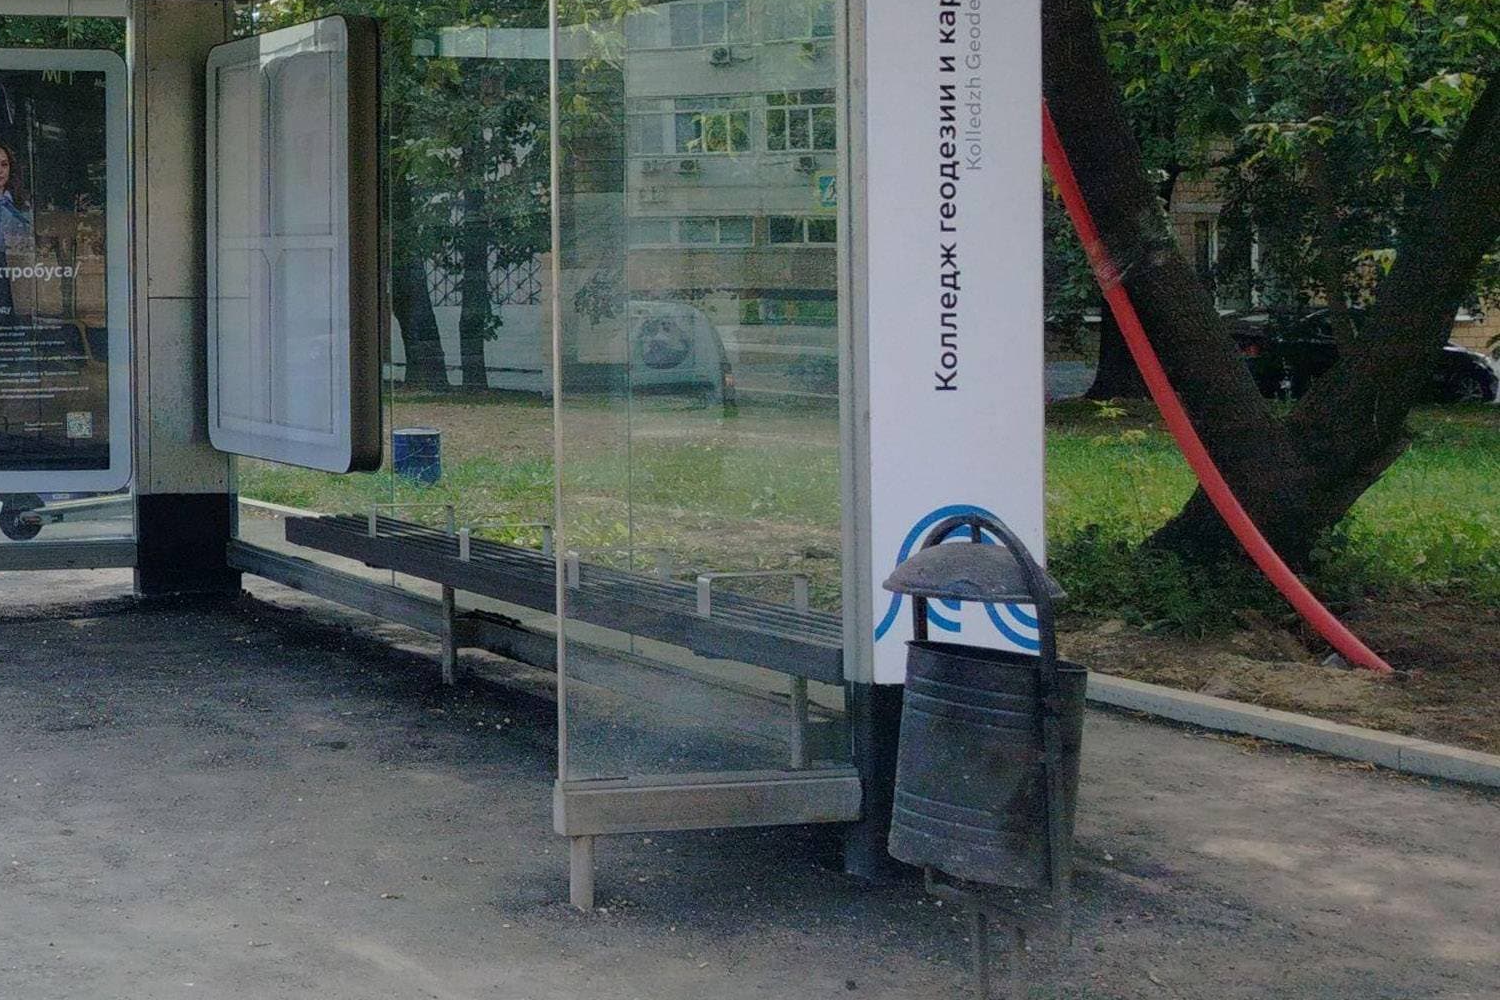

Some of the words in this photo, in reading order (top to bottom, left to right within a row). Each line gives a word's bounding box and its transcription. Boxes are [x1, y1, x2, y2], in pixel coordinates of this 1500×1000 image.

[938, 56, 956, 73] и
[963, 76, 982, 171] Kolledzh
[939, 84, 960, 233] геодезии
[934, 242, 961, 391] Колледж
· · · ·
__Exercise objective__.
Your answer must be an exact copy of the entries above, with no pictures in it.

__Finished task__.
Some of the words in this photo, in reading order (top to bottom, left to right within a row). Each line gives a word's bounding box and its transcription. Boxes are [x1, y1, x2, y2], in pixel coordinates of this 1500×1000 image.

[938, 56, 956, 73] и
[963, 76, 982, 171] Kolledzh
[939, 84, 960, 233] геодезии
[934, 242, 961, 391] Колледж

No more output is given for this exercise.